I do have an example of a small proposed GSD entry change at CloudSecurityAlliance/gsd-database#2400

kurtseifried · 2022-09-09T17:06:10Z

kurtseifried
Sep 9, 2022
Maintainer

So several questions/comments:

we want to import the data automatically from various sources as much as possible (scaling/efficiency, etc)
what do we do when that data is broken or incorrect? do we fix it? where?
what happens when (if?) the original source changes it, was that a fix? (or is it more brokan?) do we want someone to review it? do we flag it?
as for where we fix the data, if we write the NVD data in, then fix it, we have that trail in git, e.g. we still have the original data (if anyone cares to go look for it)
if we are fixing it by overwritting it, how do we indicate we changed it from the original? "hey GSD, you have a typo, NVD says CVSS score of X, you say Y"
how do we indicate WHY we changed it, e.g. what evidence caused us to change this data?
if we fix the data outside the namespace where it exists, and then for example have the API overlay our improved data when serving the file, do we put the overlay data in the root namespace, or what?

0 replies

kurtseifried · 2022-09-09T17:11:58Z

kurtseifried
Sep 9, 2022
Maintainer

Also your commit seems to assume the NVD namespace is empty, which it isn't, so the commit needs to be reworked to overwrite (merge? overlay? some word like that) the data into the existing "nvd.nist.gov" space (or else the json breaks, can't have multiple identically named keys).

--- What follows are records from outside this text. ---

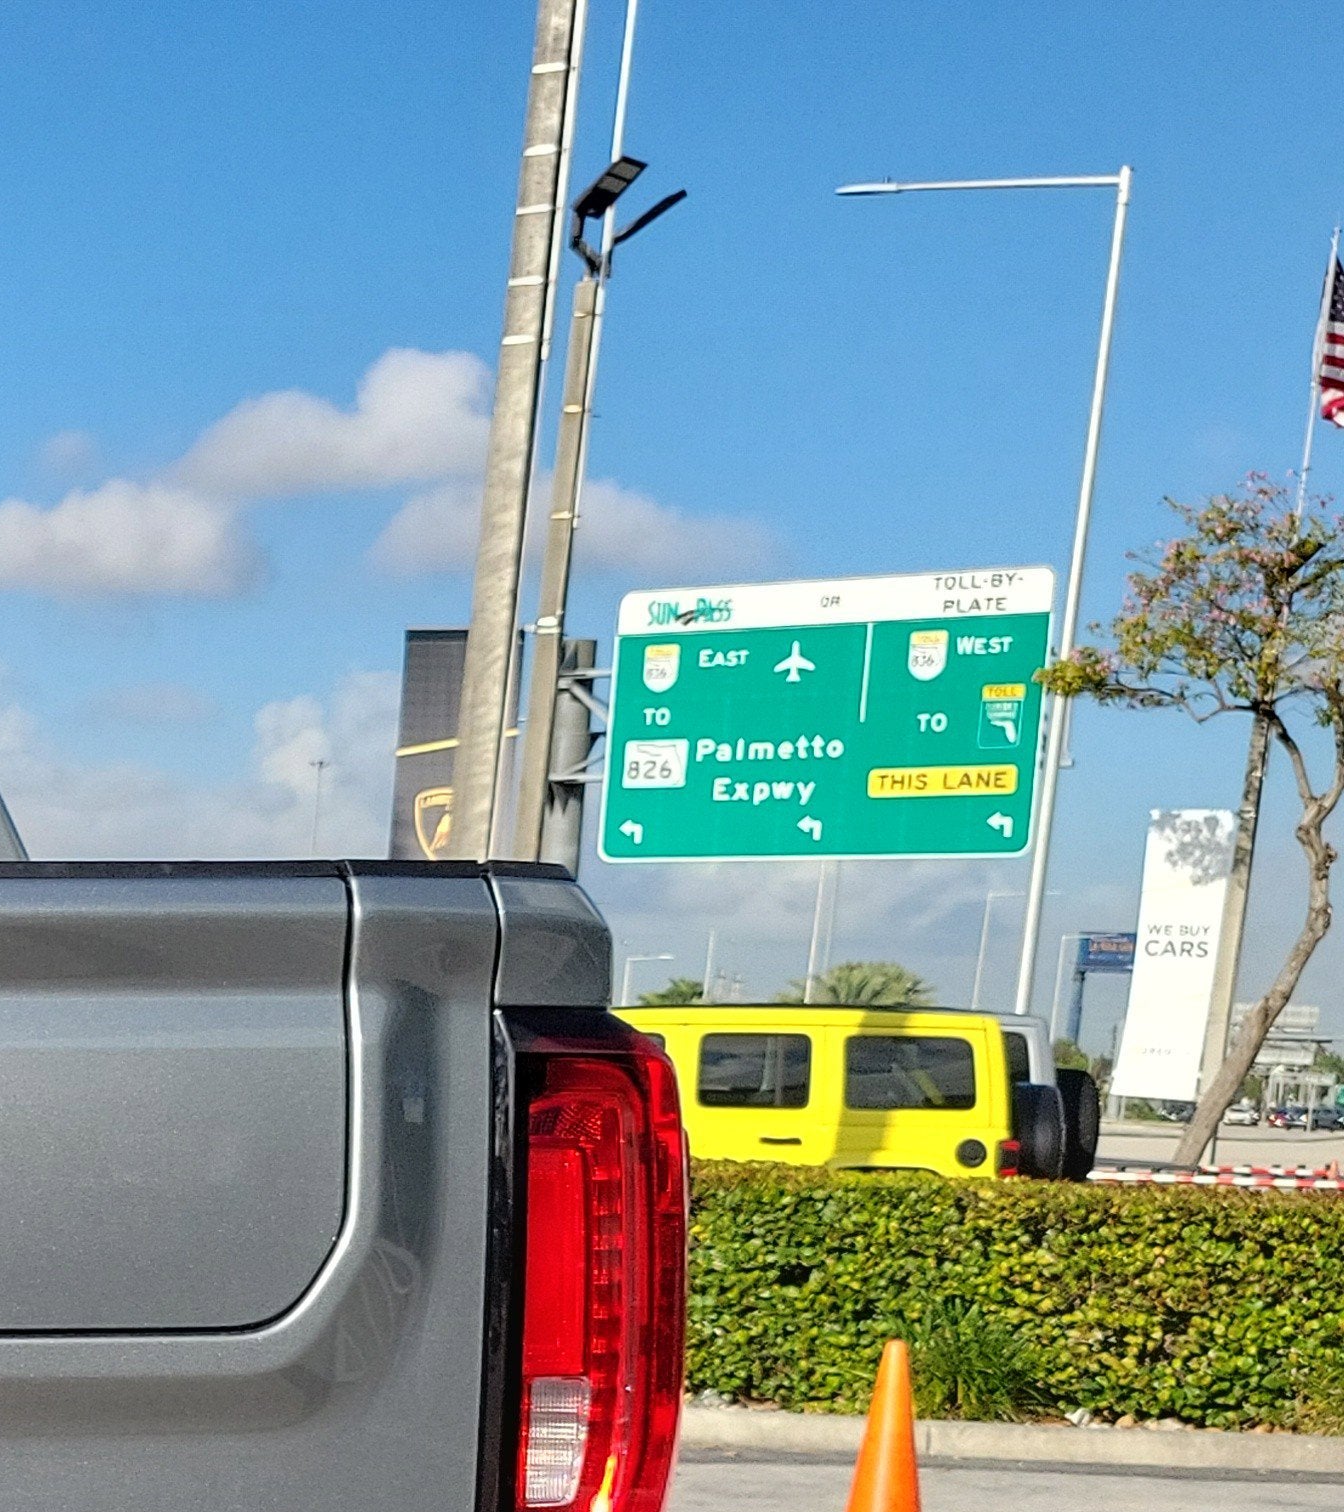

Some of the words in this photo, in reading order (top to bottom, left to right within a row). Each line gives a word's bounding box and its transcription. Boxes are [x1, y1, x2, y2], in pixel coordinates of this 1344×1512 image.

[934, 572, 1024, 591] TOLL-BY-
[820, 595, 841, 608] OR
[942, 597, 1008, 613] PLATE
[957, 636, 1013, 655] WEST
[698, 648, 750, 668] EAST
[643, 707, 672, 726] TO
[917, 712, 948, 733] TO
[695, 734, 845, 762] Palmetto
[627, 760, 673, 780] 826
[876, 773, 928, 791] THIS
[942, 770, 1009, 790] LANE
[713, 777, 816, 806] Expwy
[1147, 924, 1174, 936] WE
[1179, 924, 1210, 936] BUY
[1145, 940, 1209, 958] CARS

This also all assumes we want to overwrite the "broken" entry and not just insert a more correct one.

0 replies

kurtseifried · 2022-09-09T17:17:26Z

kurtseifried
Sep 9, 2022
Maintainer

More thinking outloud:

this is why we picked git initially. We can do things like have a random person overwrite a "Read only" namespace and 1) we can revert it easily and 2) we can know exactly who did what when, and with a good commit message why.

So I'm inclined, for now, to allow overwrites of these "Read only" spaces, and we see where this goes and how to best deal with it, worst case we clean it up by overwriting it with the NVD data and we move the altered data somewhere else.

0 replies

westonsteimel · 2022-09-09T17:24:47Z

westonsteimel
Sep 9, 2022
Author

I was basing it off of what you'd done at CloudSecurityAlliance/gsd-database@1efab96, though once it was fixed in NVD someone else reverted that change. The bot that runs to populate the nvd.nist.gov is definitely going to clobber anything we put there, so it doesn't really make sense to suggest changes at all I guess

0 replies

joshbressers · 2022-09-09T18:43:06Z

joshbressers
Sep 9, 2022
Maintainer

The whole point to a namespace is keeping it off limits to others. I like that we can't monkey with the NVD or CVE data. What we have is what they have. If they update something, we pick up that update quickly.

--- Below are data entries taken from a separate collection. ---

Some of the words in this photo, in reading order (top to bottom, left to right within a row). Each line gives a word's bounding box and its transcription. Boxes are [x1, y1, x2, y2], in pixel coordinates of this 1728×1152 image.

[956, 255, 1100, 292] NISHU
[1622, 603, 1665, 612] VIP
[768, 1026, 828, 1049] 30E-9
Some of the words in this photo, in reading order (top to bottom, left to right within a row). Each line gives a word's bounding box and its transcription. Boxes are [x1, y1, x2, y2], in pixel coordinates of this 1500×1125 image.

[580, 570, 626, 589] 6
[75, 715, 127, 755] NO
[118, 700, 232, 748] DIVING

We know we want to be able to add enrichment data, that's basically the whole point right now. There's no good way to enrich the existing NVD upstream data without a lot of pain

I think there are two types of enrichment (let's just think about this in the context of NVD for the moment, it will help keep the scope sane)

Correcting an existing read only namespace
Adding new data

For adding new data, I think either adding something the GSD namespace or your own namespace would be fine.

For corrections there isn't a great way I'm aware of that can correct portions of the NVD data

0 replies

kurtseifried · 2022-09-09T22:34:07Z

kurtseifried
Sep 9, 2022
Maintainer

Ok so adding data is easy if you use your own namespace, the trick becomes knowing when/how to overlay it, e.g. let's assume I use seifried.org, and people trust/want to use my data in my namespace. If I have something like (again for the sake of argument):

overlay: { namespaces: { cve.org: [some CVE data like an affects set of data]

are we adding my data to the cve.org data? replacing it entirely? Because two very common cases are "they got it wrong, here's the correct one" and "they are incomplete, here's more data". When you can only have one item, like a description it's easy, it overwrites the existing one, but when you have lists (e.g. affects, or references) then what?

So we may also need a way to indicate that this data is "in addition to" or "replaces" whatever keys are in the same space. We also need a way to specify what we're adding or overwriting (originally I used the term "overlay", I still can't think of a better one).

One option would be:

overlay: { replace: { namespaces: { cve.org: [some CVE data like an affects set of data]

overlay: { addto: { namespaces: { cve.org: [some CVE data like CVSS environmental data]

Now having said this all, there may be a better solution:

We populate the root osv:{} based on data in the root and in namespaces (e.g. CVE,. NVD, etc.). We can basically just sort it out and write "the best truth" in osv:{}, if people don't l;ike it, they can choose to have their own parsing rules (e.g. "do we trust seifried.org namepsace to overlay for cve.org?") and so on.

My vote, for now:

People write stuff to their namespaces. We parse it and write it to the root osv:{}. This will be a natural extension of the GSD to osv:{} conversion I'm working on (it already has this mindset).

0 replies

joshbressers · 2022-09-12T03:20:21Z

joshbressers
Sep 12, 2022
Maintainer

I've been putting some thought into this, and I think I have some ideas.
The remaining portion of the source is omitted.